(Collection entries)
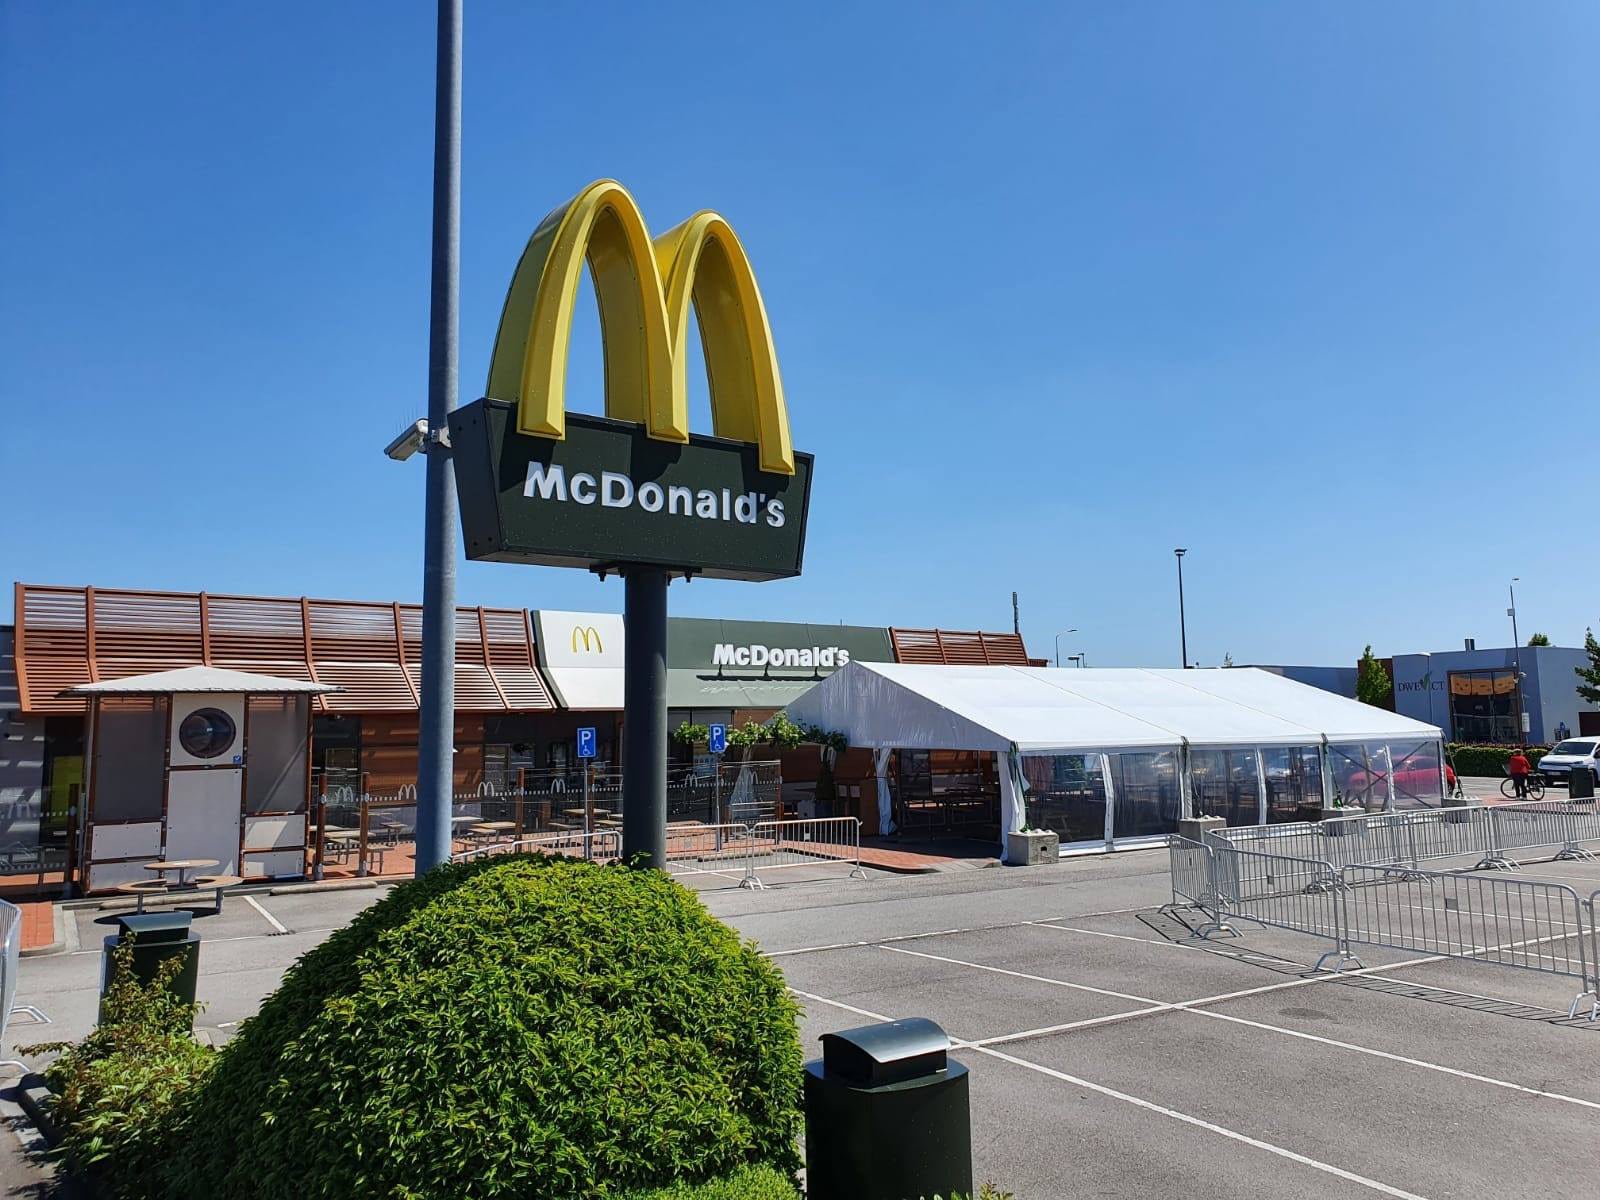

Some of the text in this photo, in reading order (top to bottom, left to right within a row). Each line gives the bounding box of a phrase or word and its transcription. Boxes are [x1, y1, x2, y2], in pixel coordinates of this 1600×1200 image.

[523, 460, 787, 528] McDonald's
[713, 643, 850, 667] McDonald's
[581, 730, 592, 746] P
[713, 726, 722, 741] P
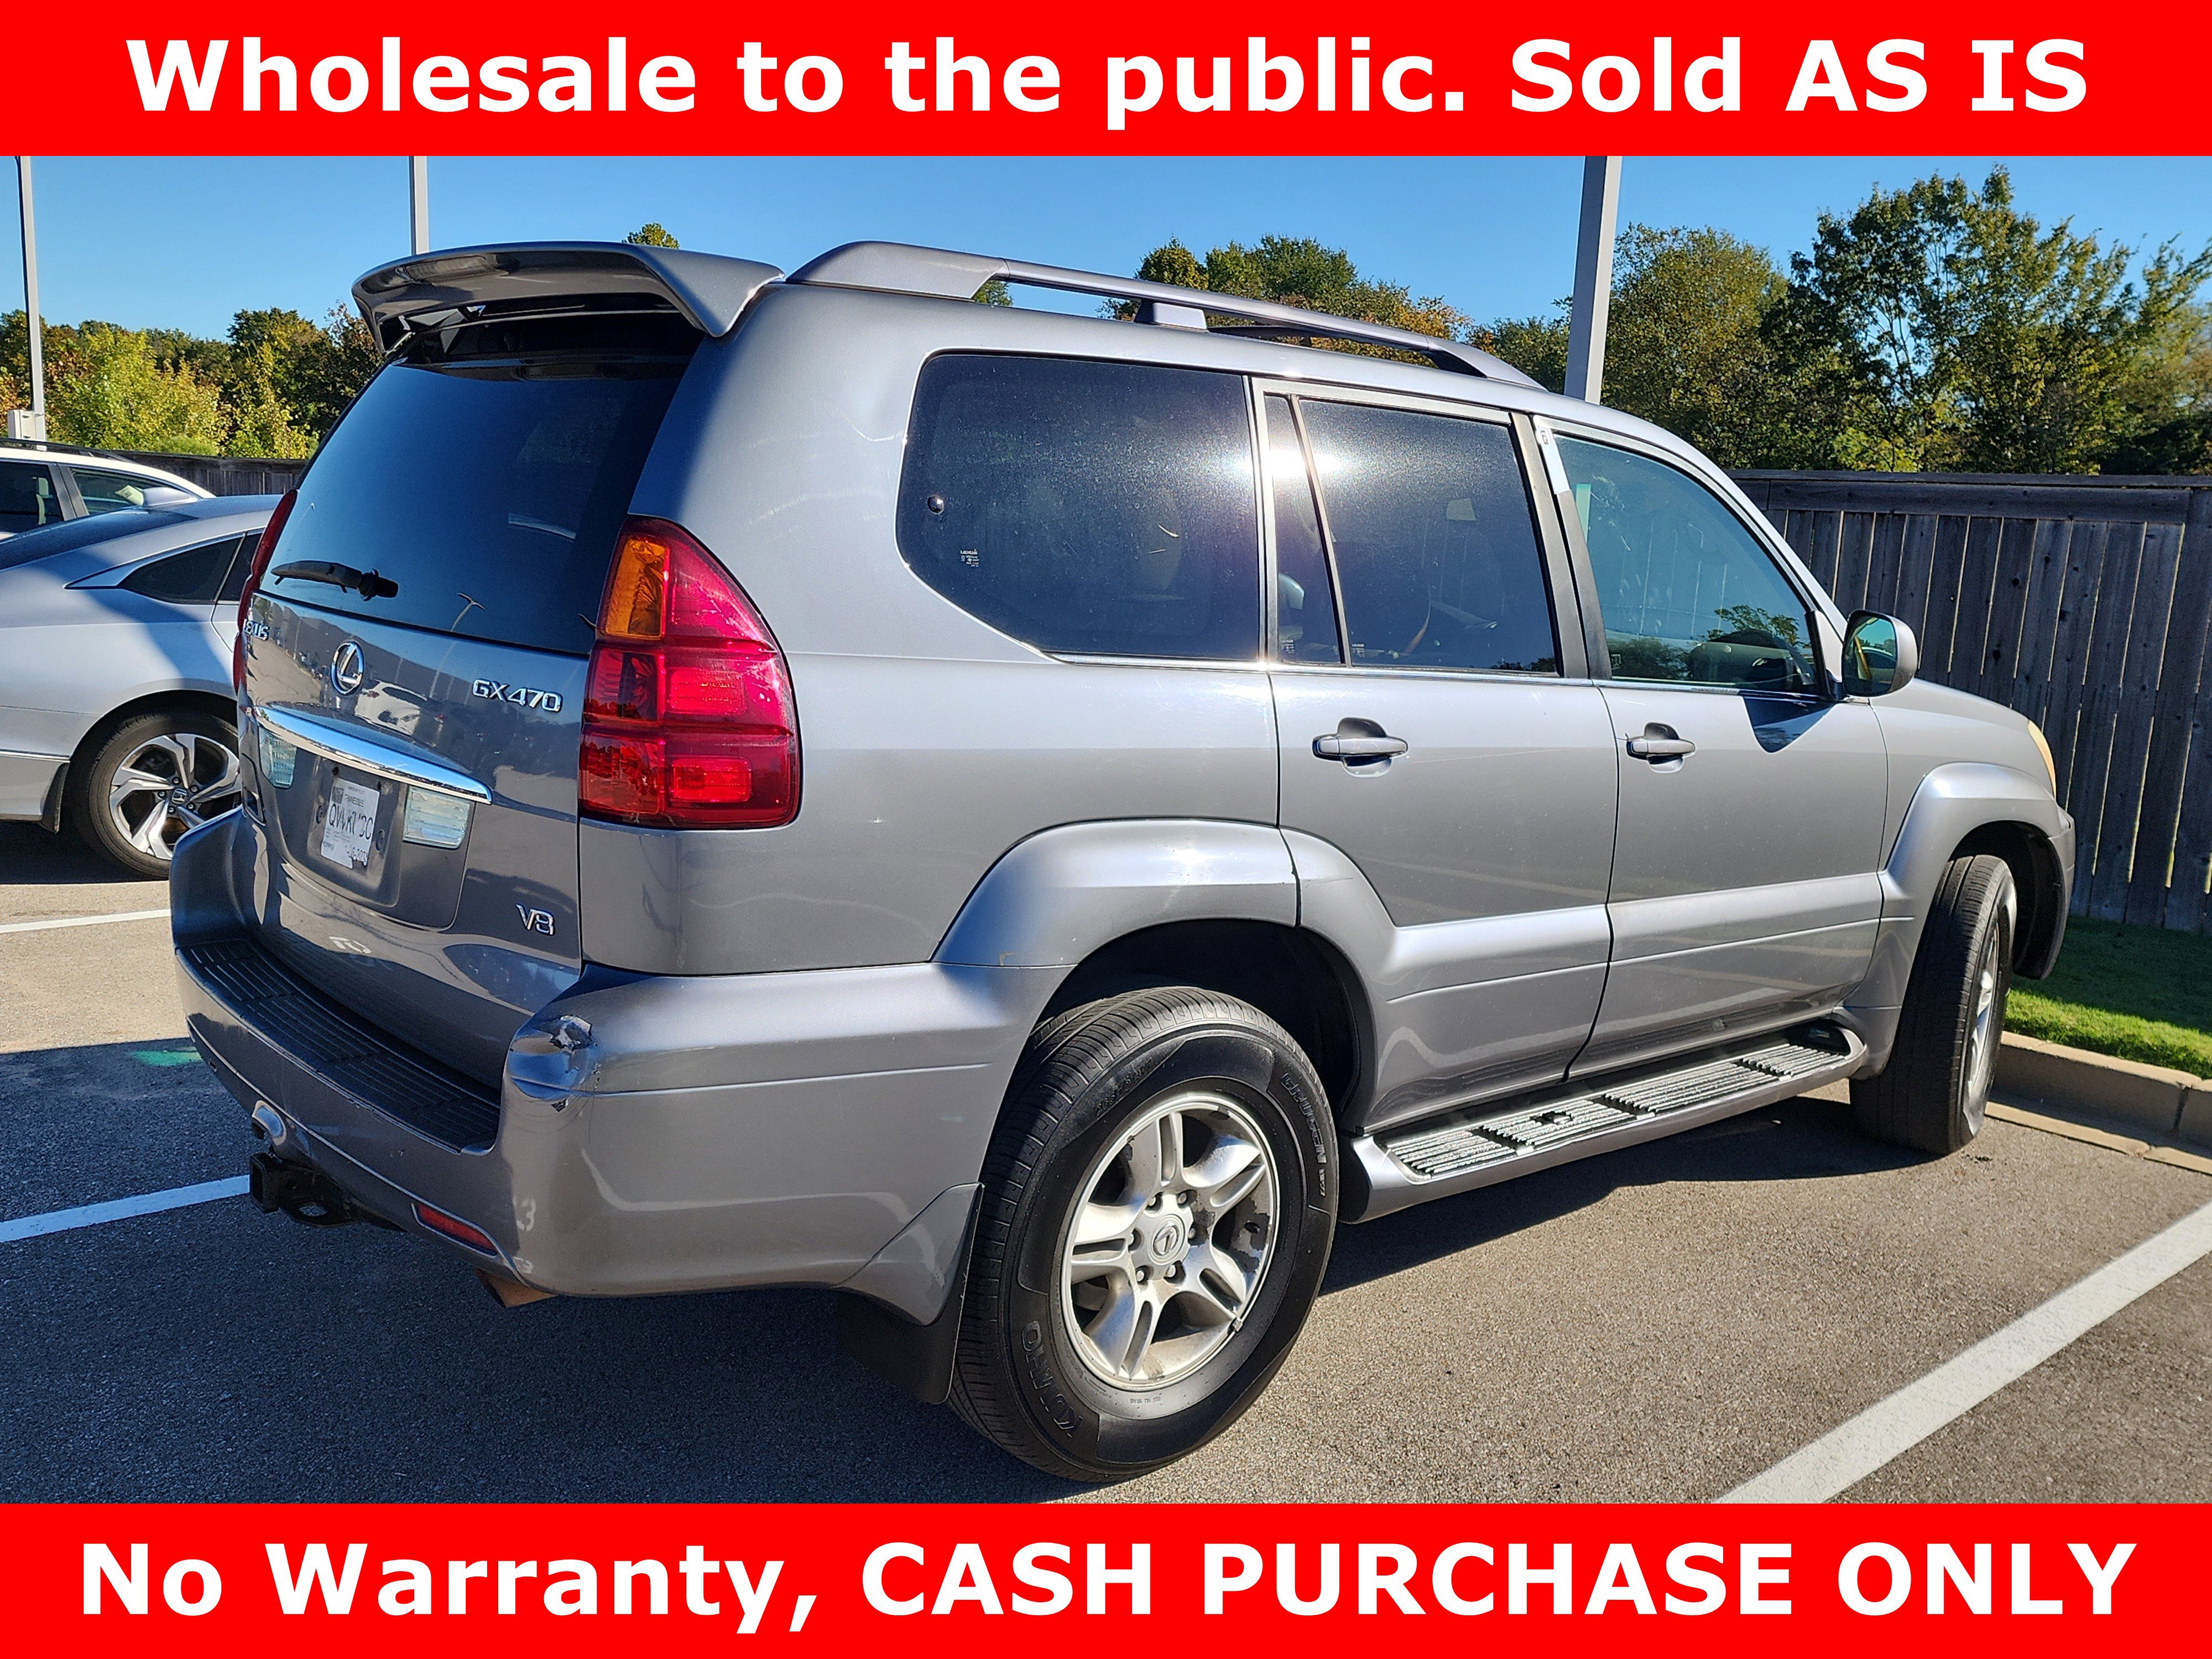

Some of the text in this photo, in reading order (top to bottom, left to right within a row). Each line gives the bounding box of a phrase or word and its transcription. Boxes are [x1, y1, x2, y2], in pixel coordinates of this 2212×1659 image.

[472, 679, 563, 712] GX470
[515, 903, 555, 936] V8
[1022, 1320, 1083, 1438] KUMHO

__Required work__.
Restate the records above verbatim. Pictures stay out.

__Written response__.
Some of the text in this photo, in reading order (top to bottom, left to right within a row). Each line gives the bounding box of a phrase or word and its transcription. Boxes are [x1, y1, x2, y2], in pixel coordinates of this 1600×1200 image.

[523, 460, 787, 528] McDonald's
[713, 643, 850, 667] McDonald's
[581, 730, 592, 746] P
[713, 726, 722, 741] P

Some of the text in this photo, in reading order (top to bottom, left to right within a row). Each line gives the bounding box of a phrase or word and its transcription. Boxes are [x1, y1, x2, y2], in pixel coordinates of this 2212×1659 image.

[472, 679, 563, 712] GX470
[515, 903, 555, 936] V8
[1022, 1320, 1083, 1438] KUMHO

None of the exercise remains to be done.